Set the whole listing down again, word for word, with no pictures.
════════════════════
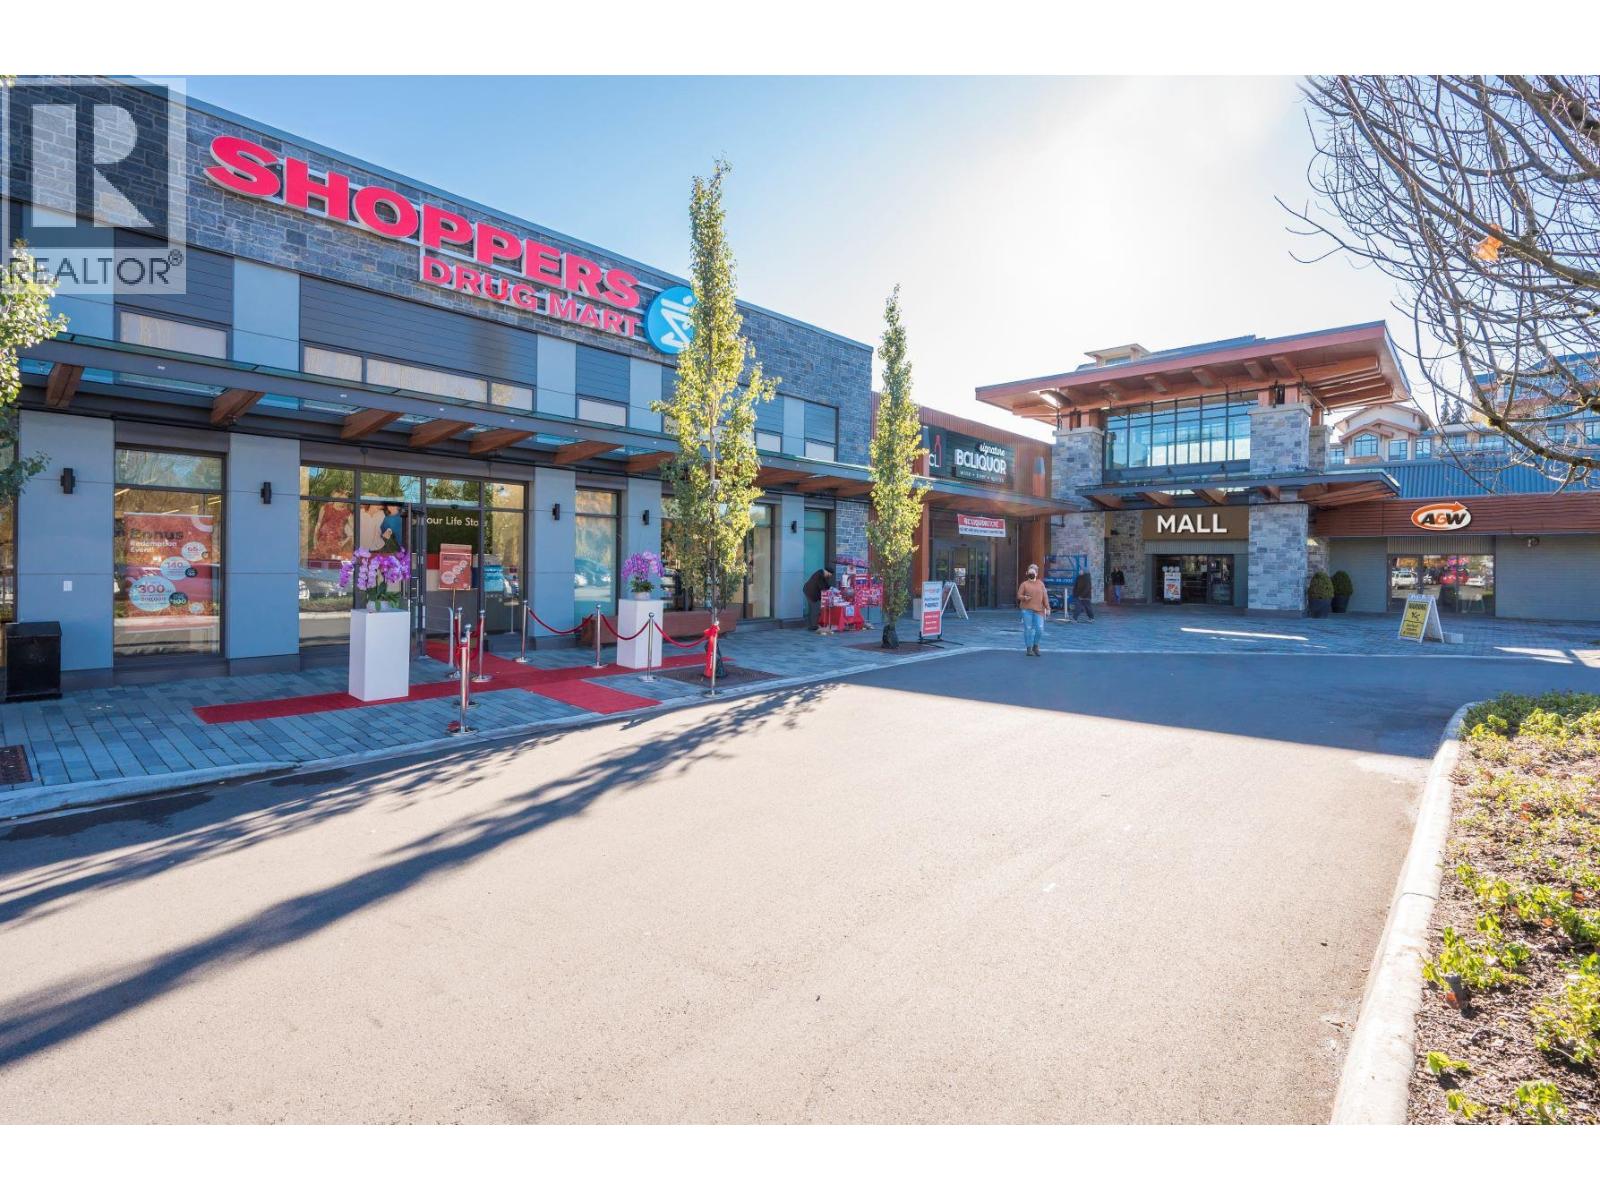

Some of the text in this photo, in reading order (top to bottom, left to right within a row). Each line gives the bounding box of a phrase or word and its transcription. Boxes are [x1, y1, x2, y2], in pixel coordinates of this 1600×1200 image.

[204, 135, 640, 309] SHOPPERS
[421, 255, 640, 338] DRUG MART
[954, 448, 1007, 475] BCLIQUOR
[445, 516, 462, 526] Life
[1157, 513, 1228, 534] MALL
[1420, 512, 1467, 526] A&W
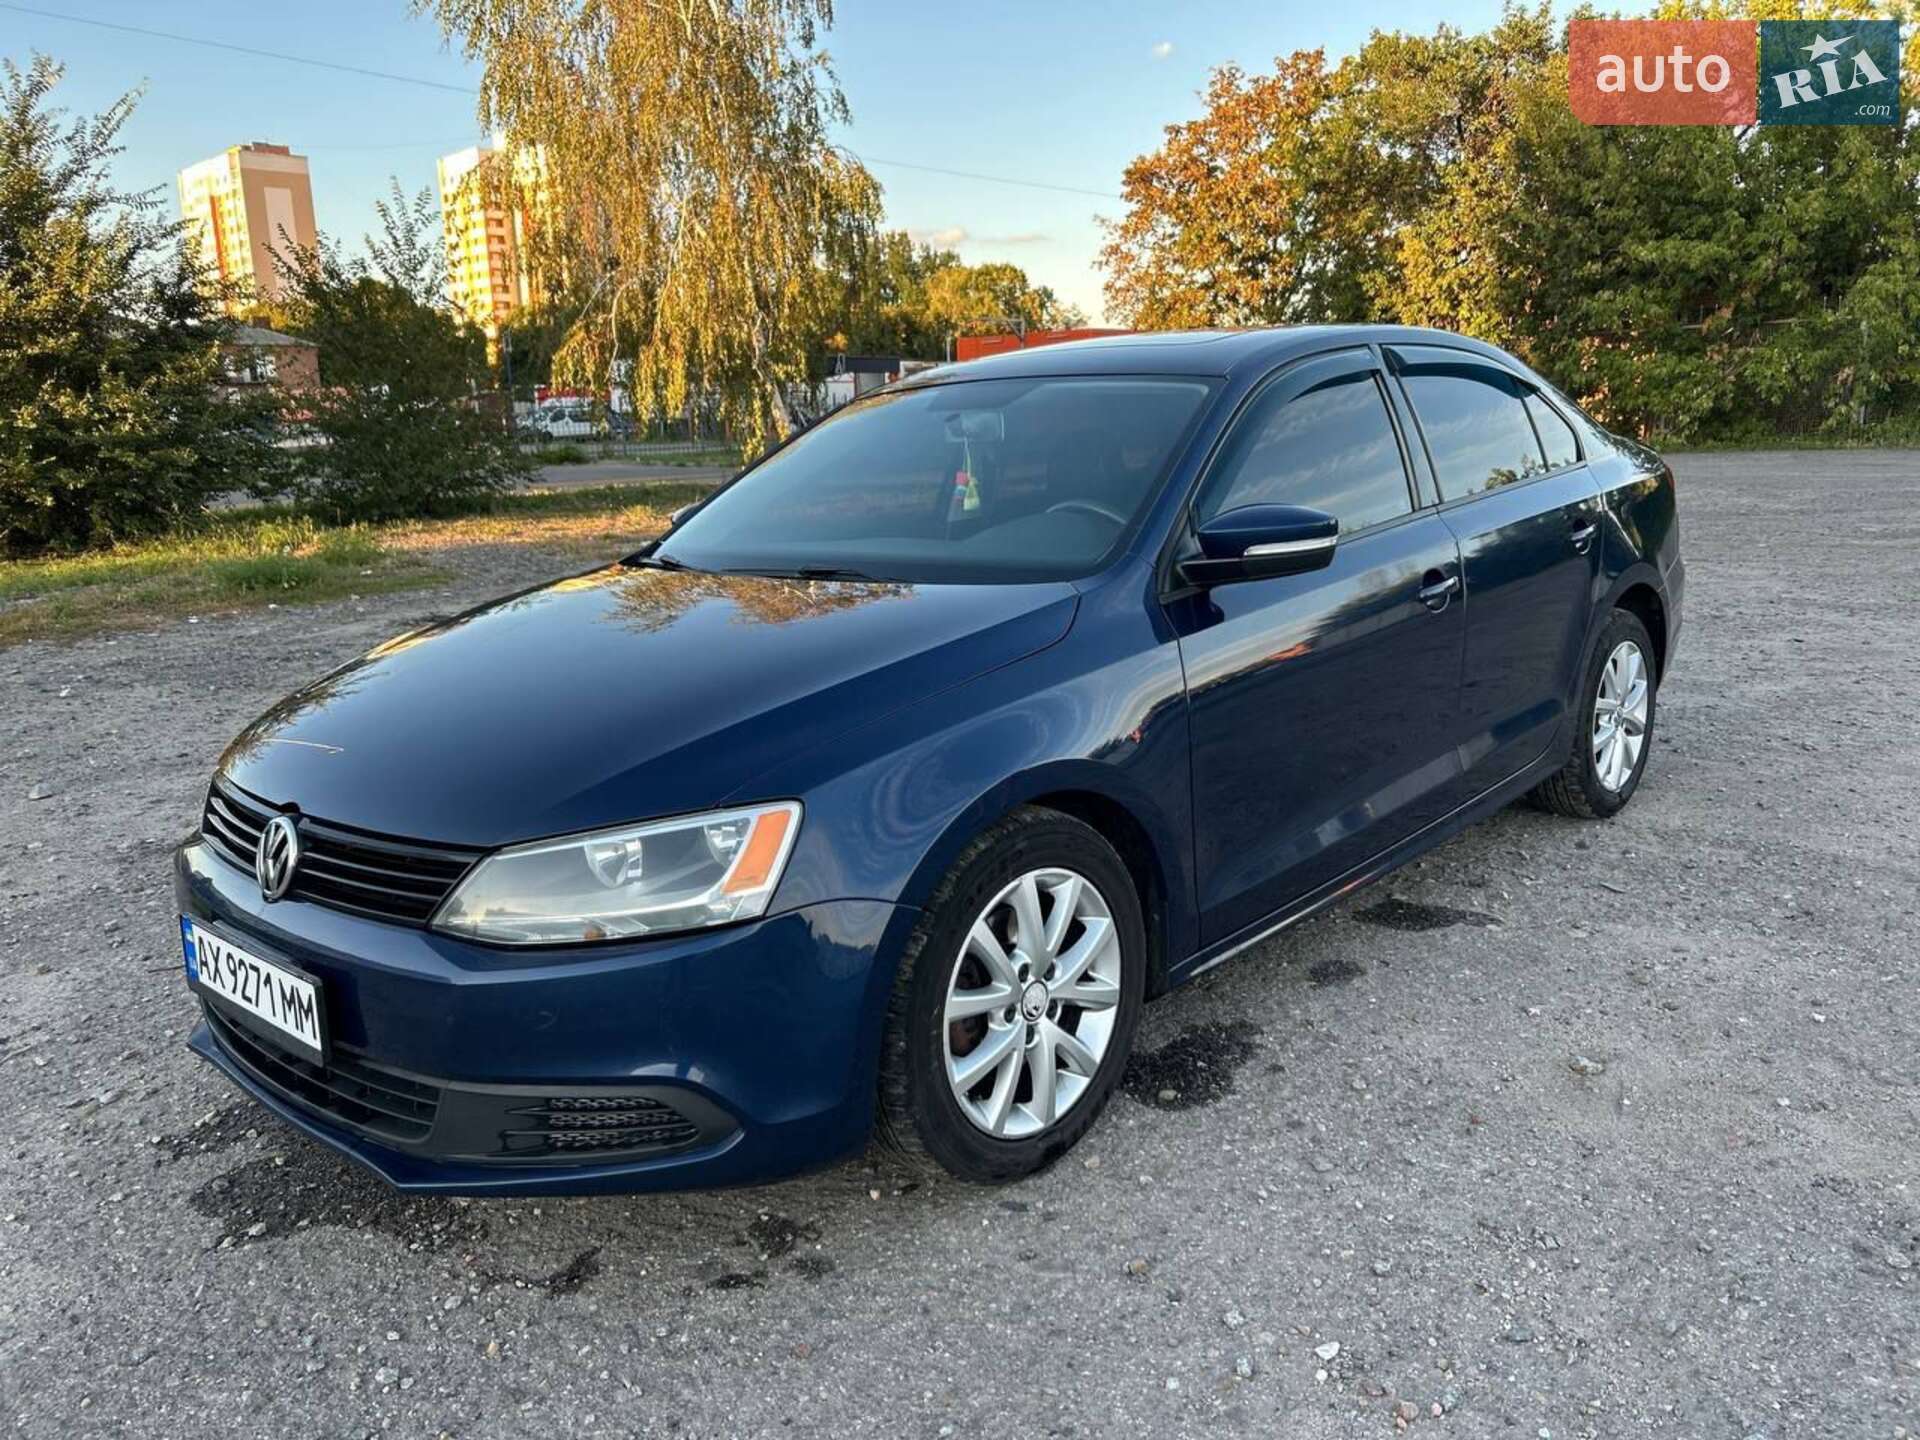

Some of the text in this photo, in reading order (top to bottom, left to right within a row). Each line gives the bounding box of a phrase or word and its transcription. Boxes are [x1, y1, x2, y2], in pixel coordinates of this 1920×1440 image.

[198, 935, 318, 1041] AX 9271 MM
════════════════════
*Response for this exercise*.
Some of the text in this photo, in reading order (top to bottom, left to right within a row). Each line gives the bounding box of a phrase or word and its transcription. Boxes are [x1, y1, x2, y2], in pixel coordinates of this 1600×1200 image.

[204, 135, 640, 309] SHOPPERS
[421, 255, 640, 338] DRUG MART
[954, 448, 1007, 475] BCLIQUOR
[445, 516, 462, 526] Life
[1157, 513, 1228, 534] MALL
[1420, 512, 1467, 526] A&W

Some of the text in this photo, in reading order (top to bottom, left to right within a row). Each line gives the bounding box of a phrase or word and its transcription. Boxes are [x1, y1, x2, y2], in pixel coordinates of this 1920×1440 image.

[198, 935, 318, 1041] AX 9271 MM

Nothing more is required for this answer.